I hear "Firefox 1.0 was fast and lean and had no bloat" all the time but if
you download Firefox 1.0 and run it, you'll find it awfully slow and clumsy.
(And the same is true for Chrome 1.0.)

So, what's changed. It's the content, stupid.

Back in 2004, when Firefox 1.0 shipped, a web page was usually a simple
document that was a couple hundred kilobytes. Today, a "web page" is an
application that might be multiple megabytes even if it's just a seemingly
simple list of status updates.

Back in 2004, you might have had one web app, maybe Gmail, open all the time
in a tab. Today, you probably have several of these web apps open in tabs all
of the time, Gmail, Facebook, Twitter, Spotify, etc. and they're considerably
larger and richer than they were 8 years ago.
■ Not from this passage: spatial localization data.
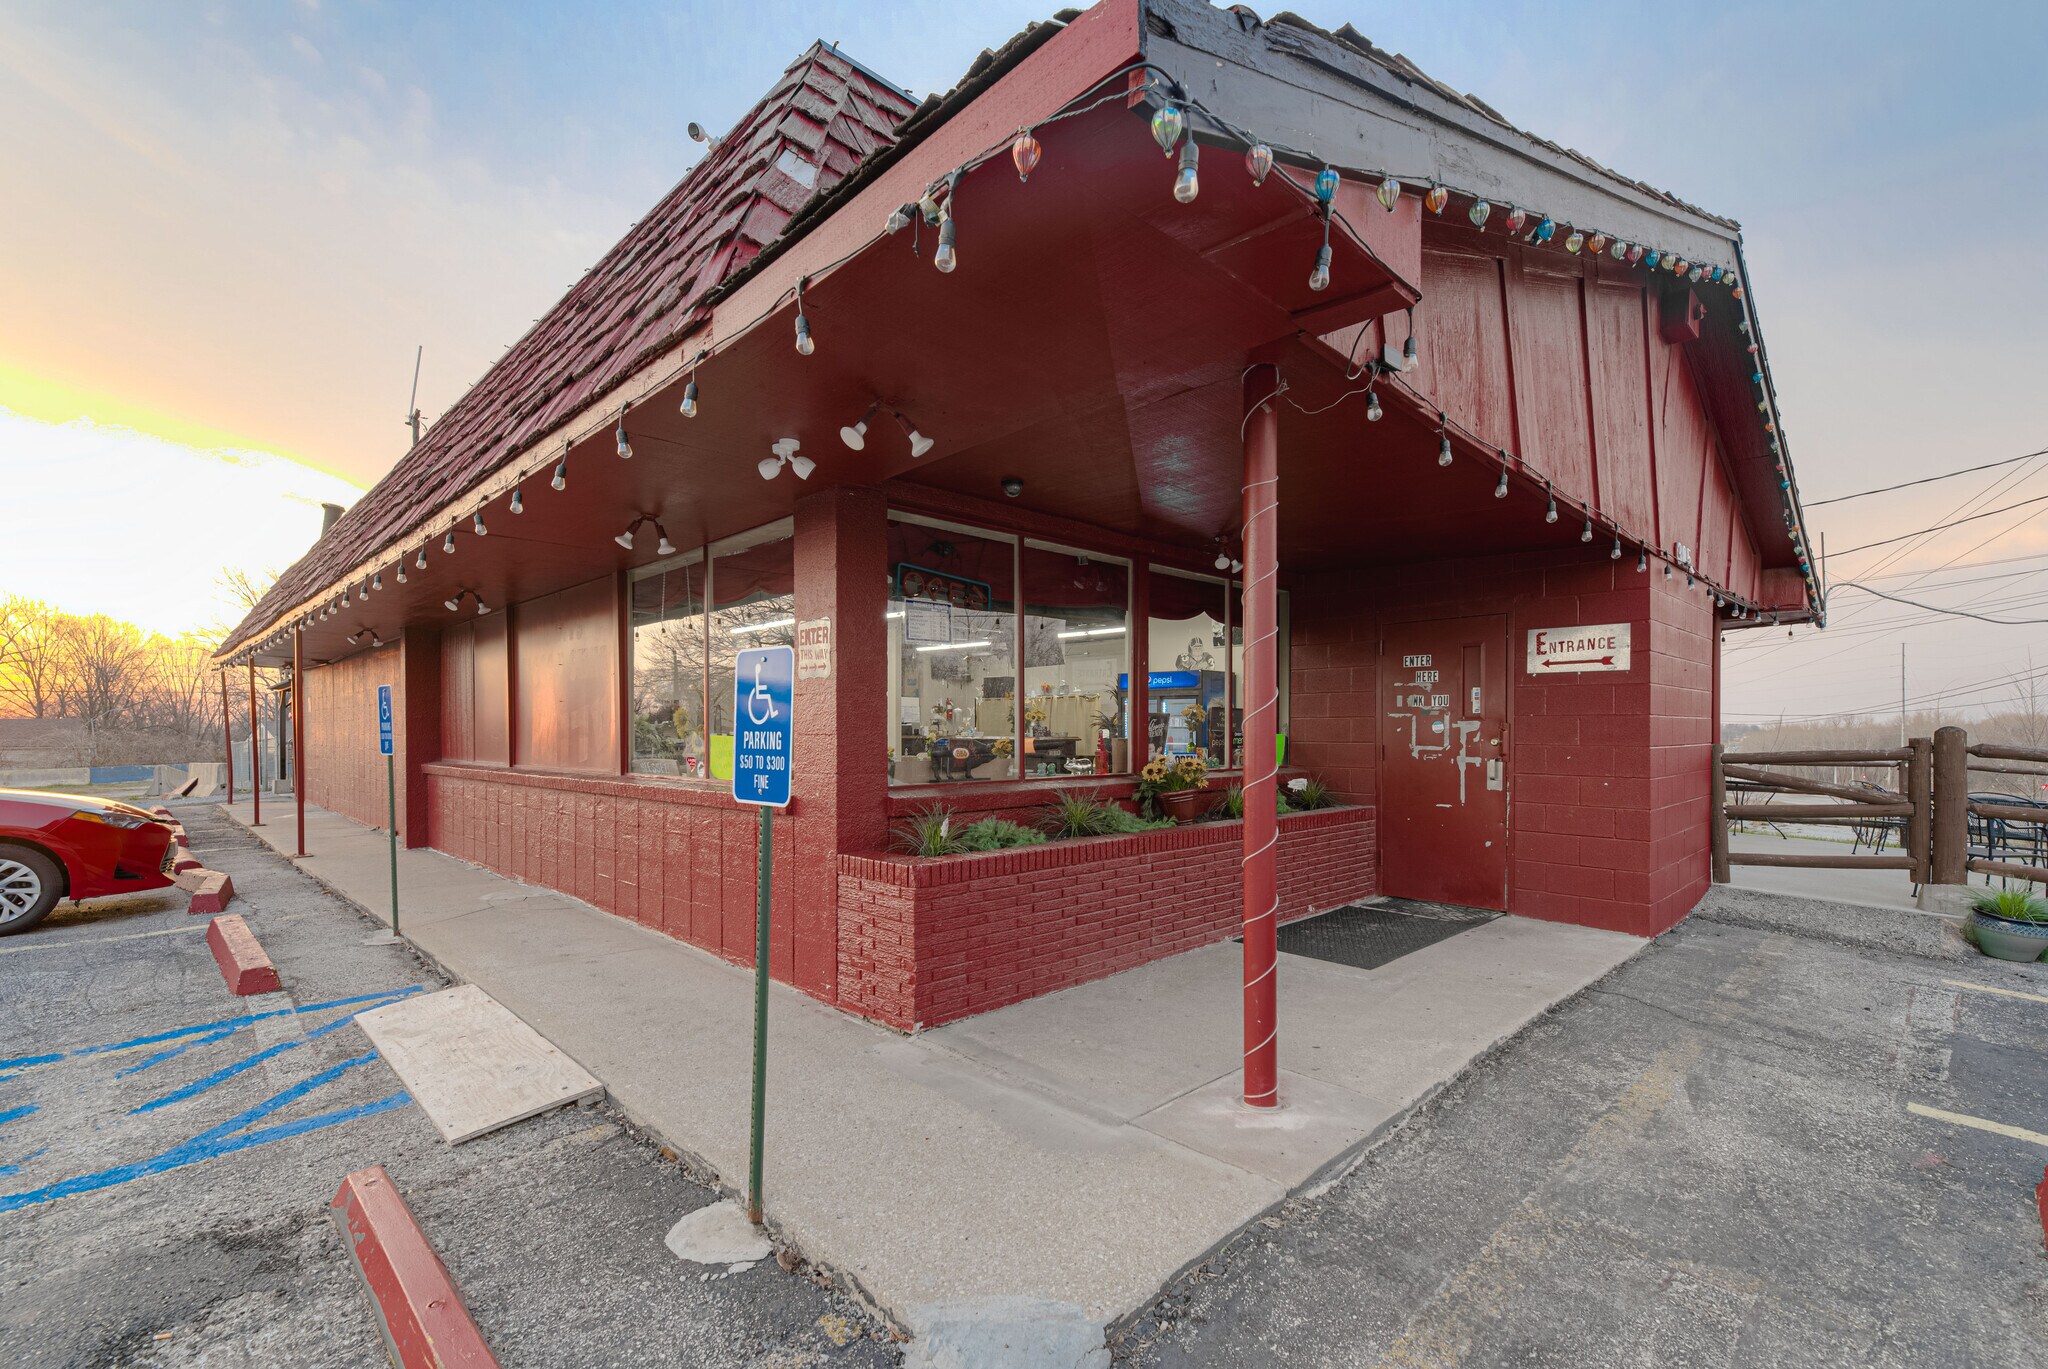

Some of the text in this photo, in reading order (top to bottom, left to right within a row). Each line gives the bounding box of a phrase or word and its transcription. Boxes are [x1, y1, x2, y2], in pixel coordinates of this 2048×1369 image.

[800, 626, 829, 646] ENTER
[1535, 631, 1617, 656] ENTRANCE
[800, 648, 829, 660] THIS WAY
[1404, 655, 1431, 667] ENTER
[1152, 675, 1173, 685] pepsi
[1416, 671, 1438, 682] HERE
[1432, 695, 1449, 706] YOU
[743, 730, 782, 750] PARKING
[739, 754, 786, 771] $50 TO $300
[753, 774, 769, 789] FINE
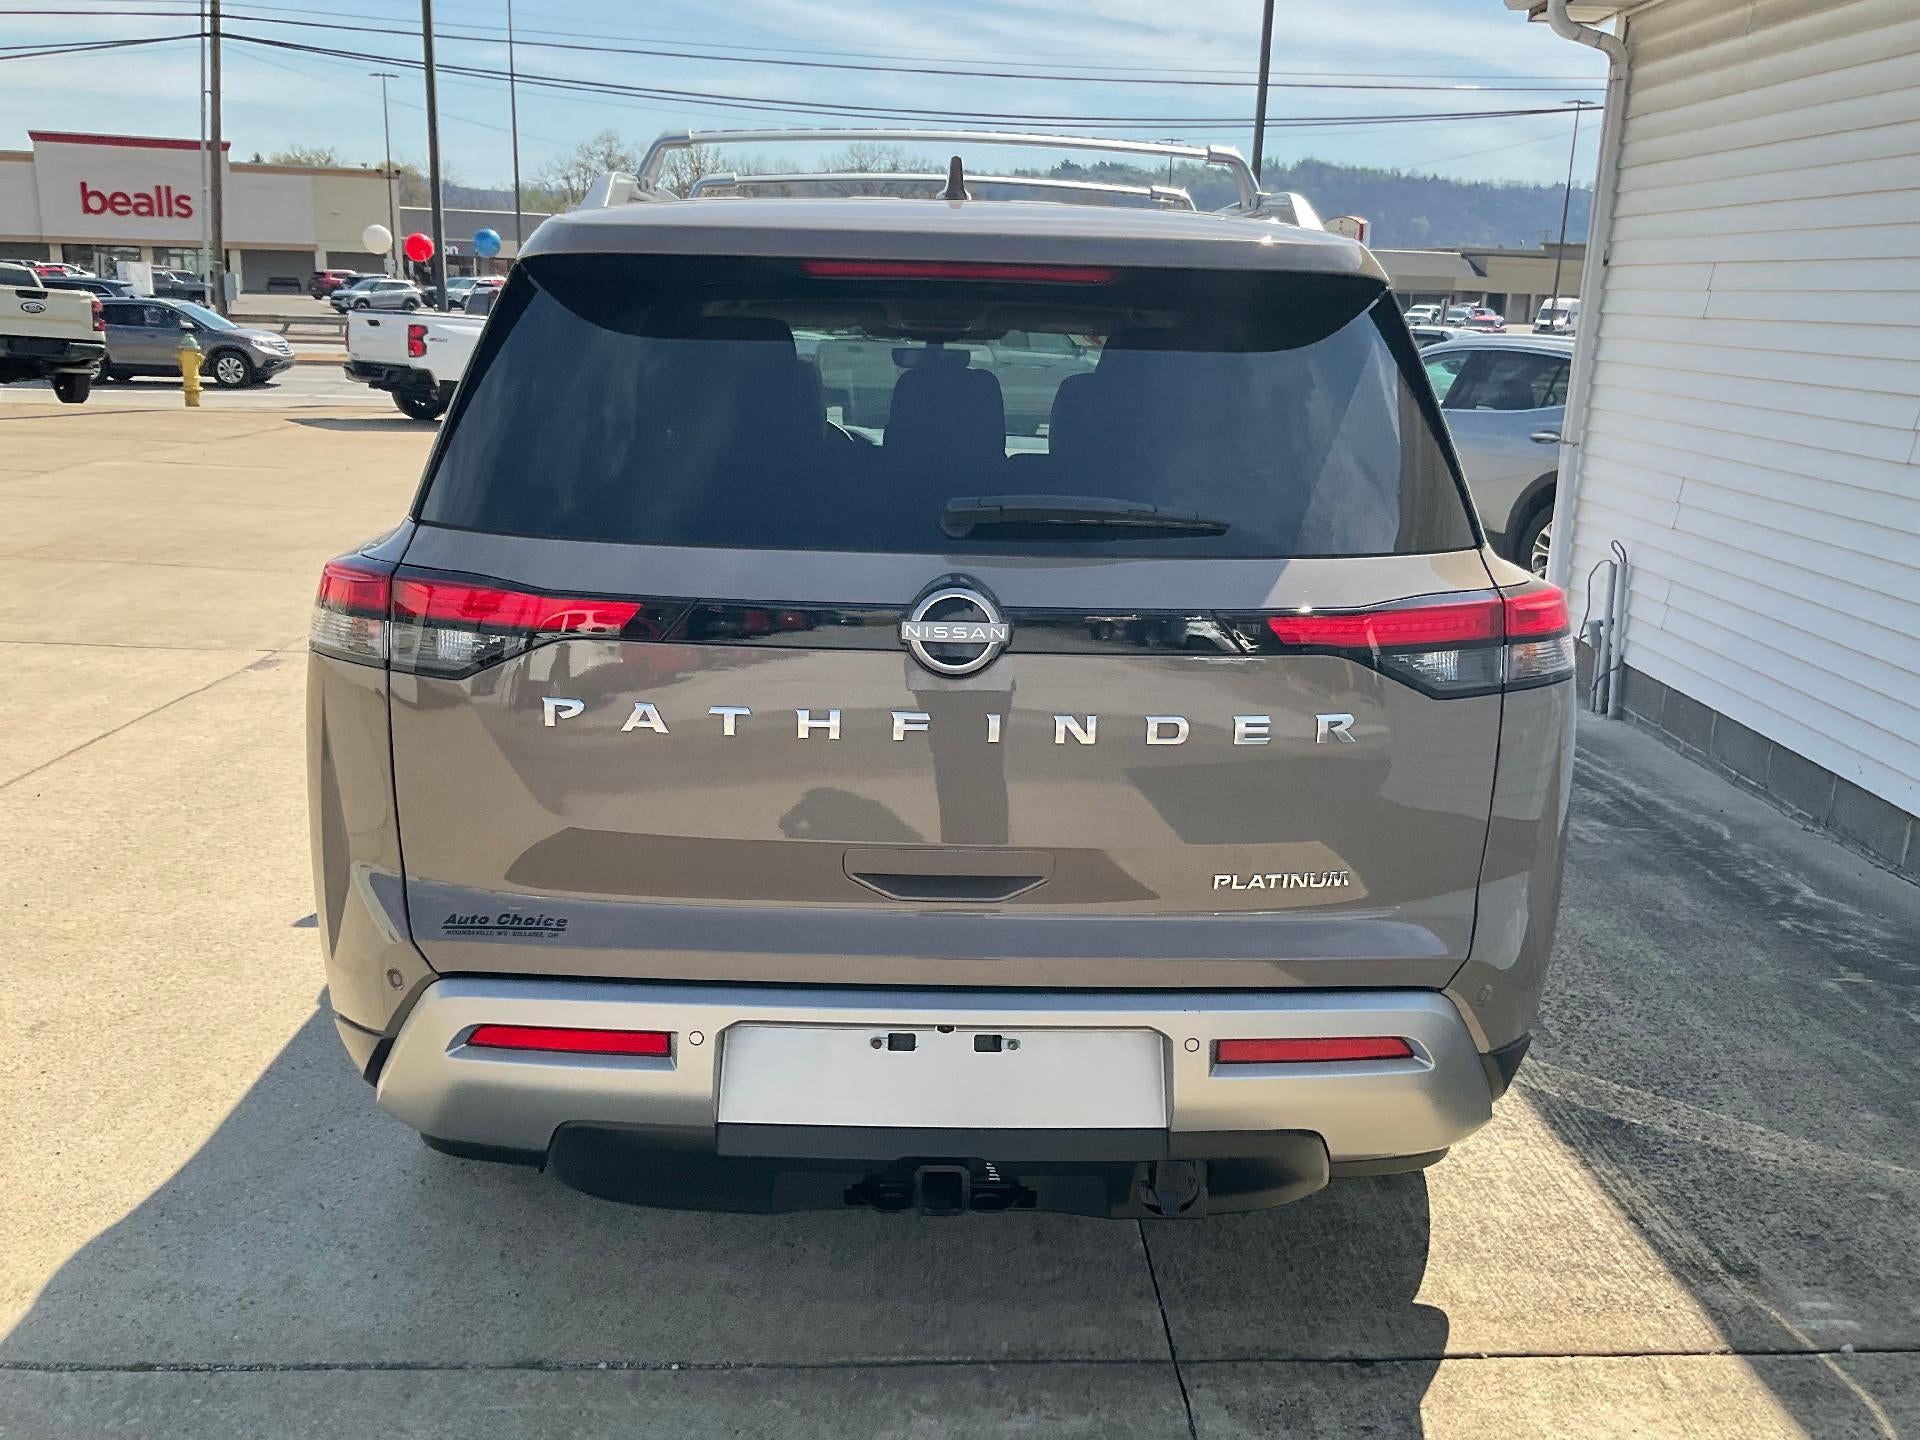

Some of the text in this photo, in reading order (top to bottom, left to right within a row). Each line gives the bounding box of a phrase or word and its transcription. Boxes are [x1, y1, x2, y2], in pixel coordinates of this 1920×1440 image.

Yes, browsers have added features. But they've also added massive amounts of
performance and efficiencies that were absent in earlier browser releases.
It's not as simple as "browsers get bloated over time."

------
ripperdoc
Take every piece of software and OS, and you will find conflicting views of
whether it goes faster or slower with time. You buy a new device, everything
feels snappy, but one year down the line, things feel slow. But the problem
is, this is based on expectations, based on hardware, based on usage pattern,
etc.

What we need is a objective software speed measure based in UI terms (because
that is what people in the end notice). Such as "time to start" and "time to
get to usable state". This should be measured automatically after each build,
and normalized to hardware. Only then can both developers and users see hard
evidence that software, e.g. Chrome, is now running slower than before.
Because the cost of adding a feature is otherwise invisible to the developer,
while the user's keep getting into anecdotal discussions of what is faster or
slower, comparing wildly different hardware capabilities.

------
jdietrich
The data disagree with you. Pick a benchmark, any benchmark, and you'll see
significant improvements in Chrome performance over time. It starts faster, it
renders pages faster, it runs JS faster. I can't comment on stability, because
I haven't seen the data and because Chrome is highly reliable for me and
everyone I know.

------
laurihy
For me, turning plugins such as flash into "click to play" seemed to speed up
things a lot in osx / chrome. The setting is a bit hidden, but you can find it
from settings -> show advanced -> content settings -> plug-ins.

------
sonnyhe2002
If the slow down is only noticed on OSX, it's a OSX problem especially when
OSX 10.7.5 just came out. Most application that runs perfectly on window tend
to run poorly on OSX.

... Here comes it hate mail :(

------
mtgx
I'm curious, what does the author of the post, or others, think Chrome added
that was unnecessary?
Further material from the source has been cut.